• **Assigned task**: Please copy out the full listing that follows exactly; no picture belongs in the copy.

• **Given data**:
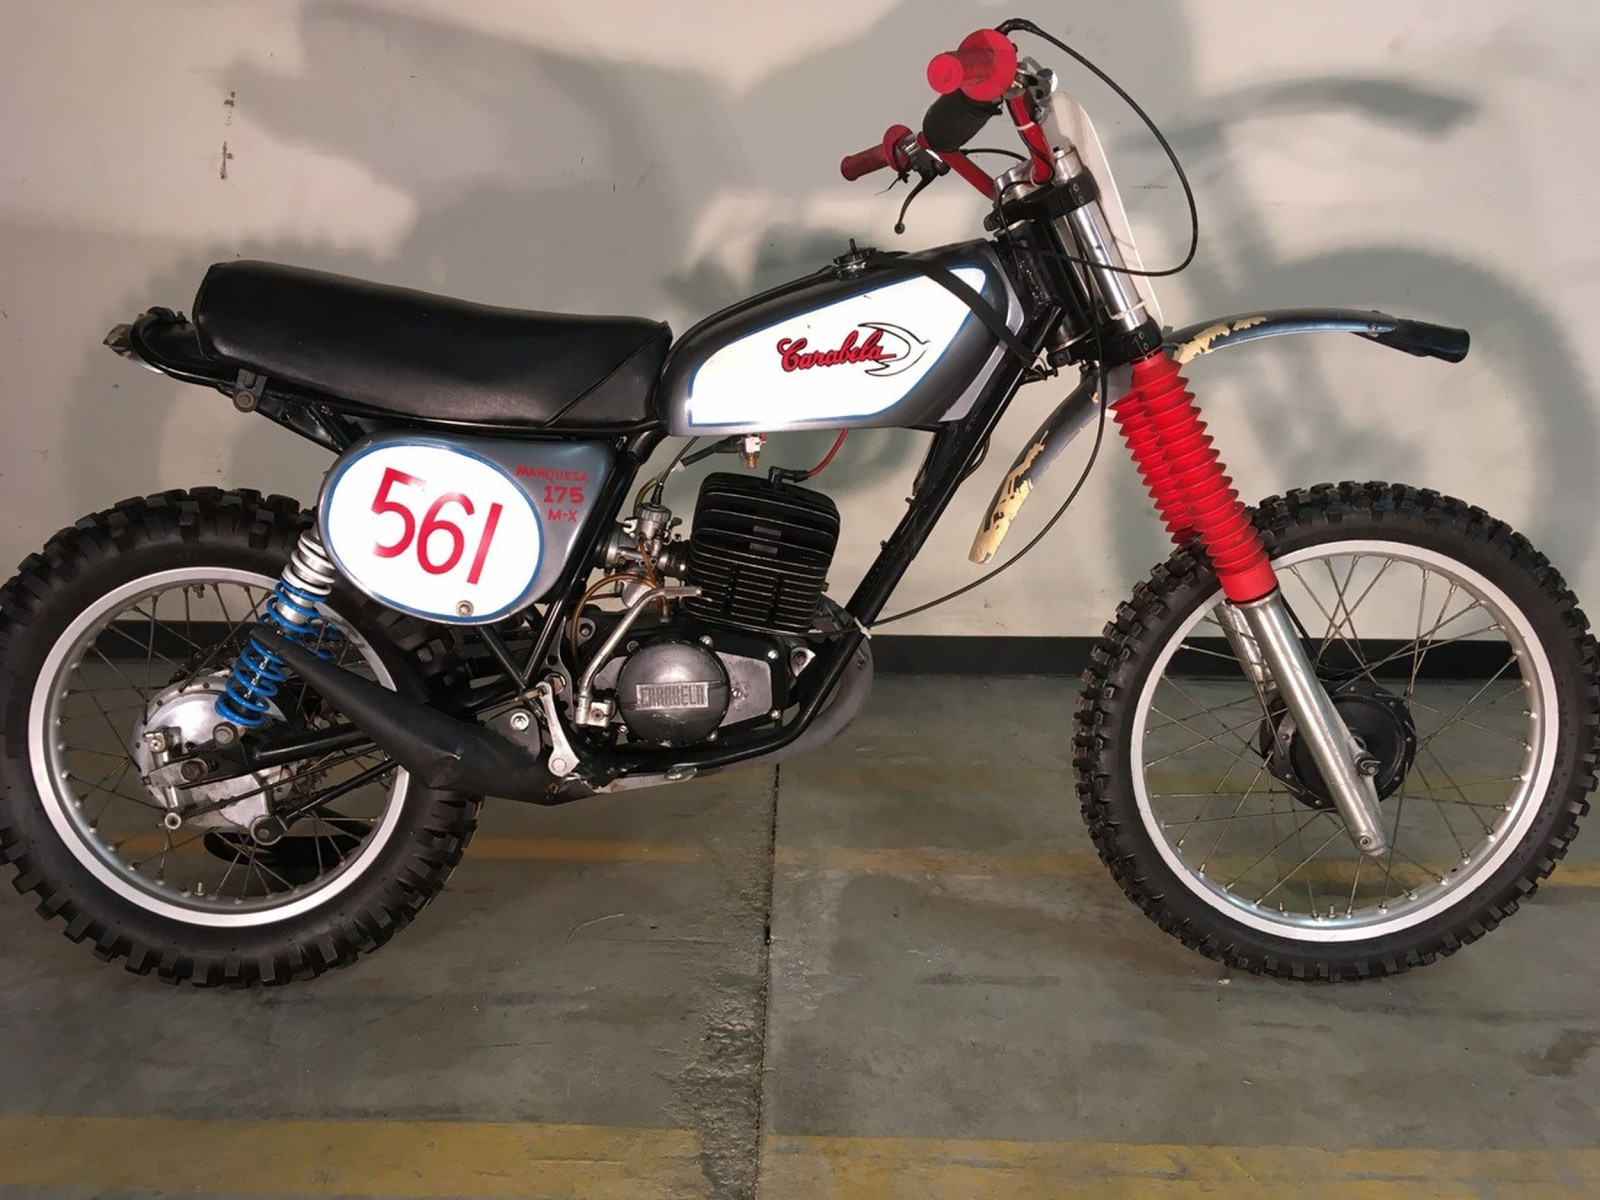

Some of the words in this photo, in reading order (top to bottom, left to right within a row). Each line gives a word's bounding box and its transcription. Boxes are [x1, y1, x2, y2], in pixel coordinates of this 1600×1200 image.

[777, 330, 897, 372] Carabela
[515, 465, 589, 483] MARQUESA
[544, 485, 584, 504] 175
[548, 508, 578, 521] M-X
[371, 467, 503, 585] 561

• **Written solution**:
Some of the words in this photo, in reading order (top to bottom, left to right within a row). Each line gives a word's bounding box and its transcription. Boxes are [x1, y1, x2, y2], in pixel coordinates of this 1600×1200 image.

[777, 330, 897, 372] Carabela
[515, 465, 589, 483] MARQUESA
[544, 485, 584, 504] 175
[548, 508, 578, 521] M-X
[371, 467, 503, 585] 561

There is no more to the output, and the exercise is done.